Let's do some quick math here: that's nearly two and a half days where a major artery of Bay Area transit is effectively dead. For a region that already ranks among the worst in the nation for commute times and traffic congestion, these closures aren't just inconveniences — they're economic body blows. Every hour a delivery driver sits in rerouted traffic, every customer who doesn't make it to a small business, every gig worker who loses a shift because the detour ate their margins — it all adds up.
Now, look — infrastructure maintenance is real, and nobody wants to drive on a crumbling freeway. We get it. Roads need work. But here's the thing that never gets enough scrutiny: why does it take 55 hours? In other countries — Japan famously repaired a massive sinkhole in a week — infrastructure projects move with urgency because there's actual accountability for timelines and budgets. Here in California, we've somehow normalized multi-day closures as the cost of doing business, rarely asking whether the work could be staged more efficiently or completed faster with better planning.

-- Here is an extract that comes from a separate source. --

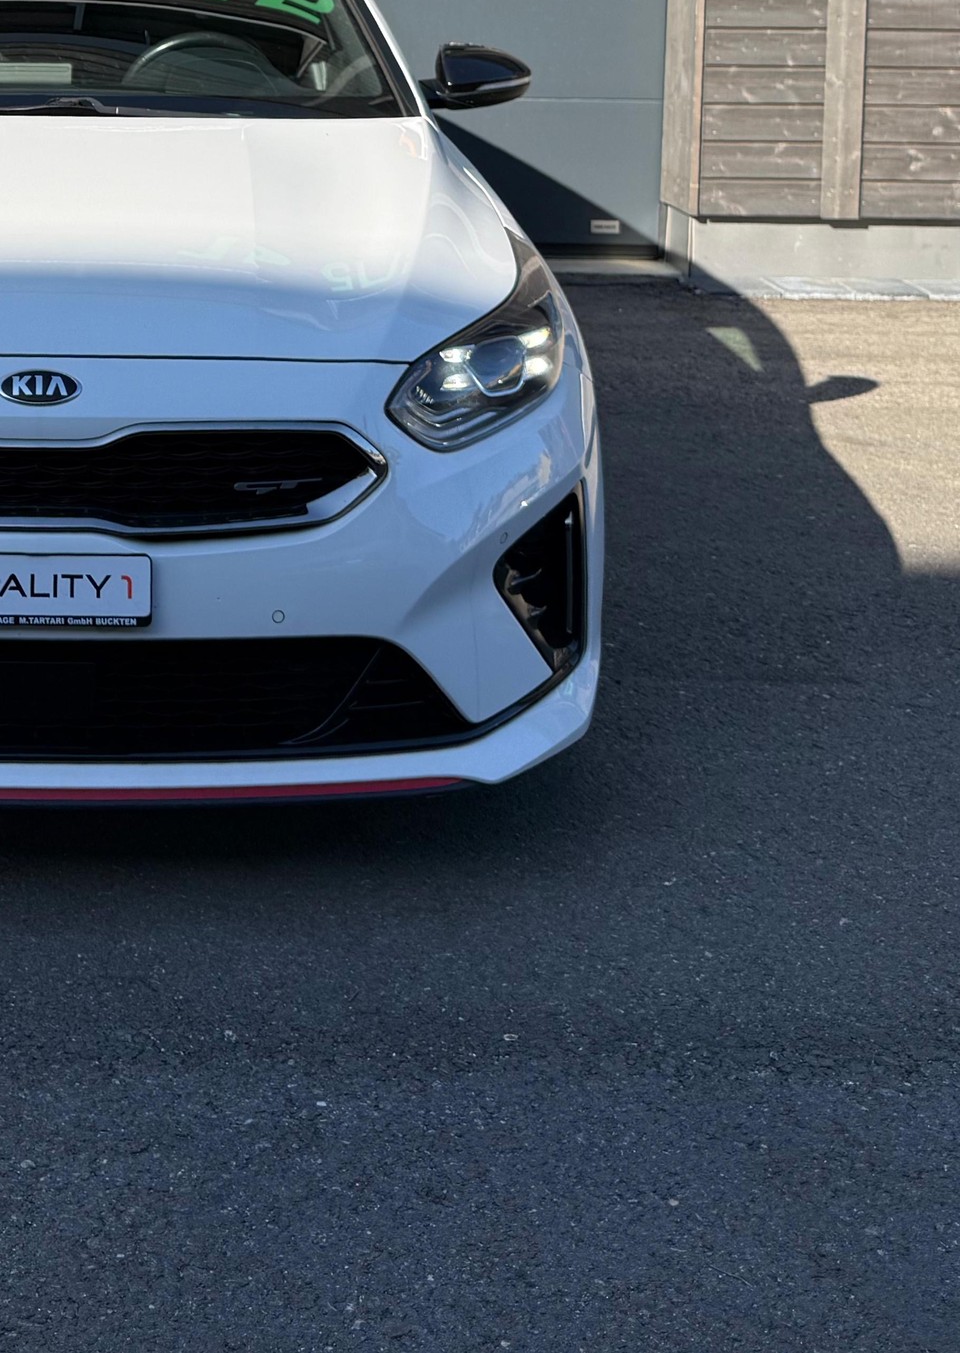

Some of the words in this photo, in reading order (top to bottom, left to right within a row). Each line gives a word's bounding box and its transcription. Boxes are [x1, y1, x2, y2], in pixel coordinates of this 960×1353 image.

The state has poured record amounts of money into transportation infrastructure in recent years. Californians pay among the highest gas taxes in the country. And yet, the experience of actually using our roads and highways continues to feel like a punishment.
If you absolutely must drive this weekend, check Caltrans for detour routes and give yourself an absurd amount of extra time. Better yet, make it a stay-home weekend — your wallet will thank you, even if your sanity won't.
At some point, we deserve to ask: with all the money we're spending, why does it still feel like we're getting the worst deal in America?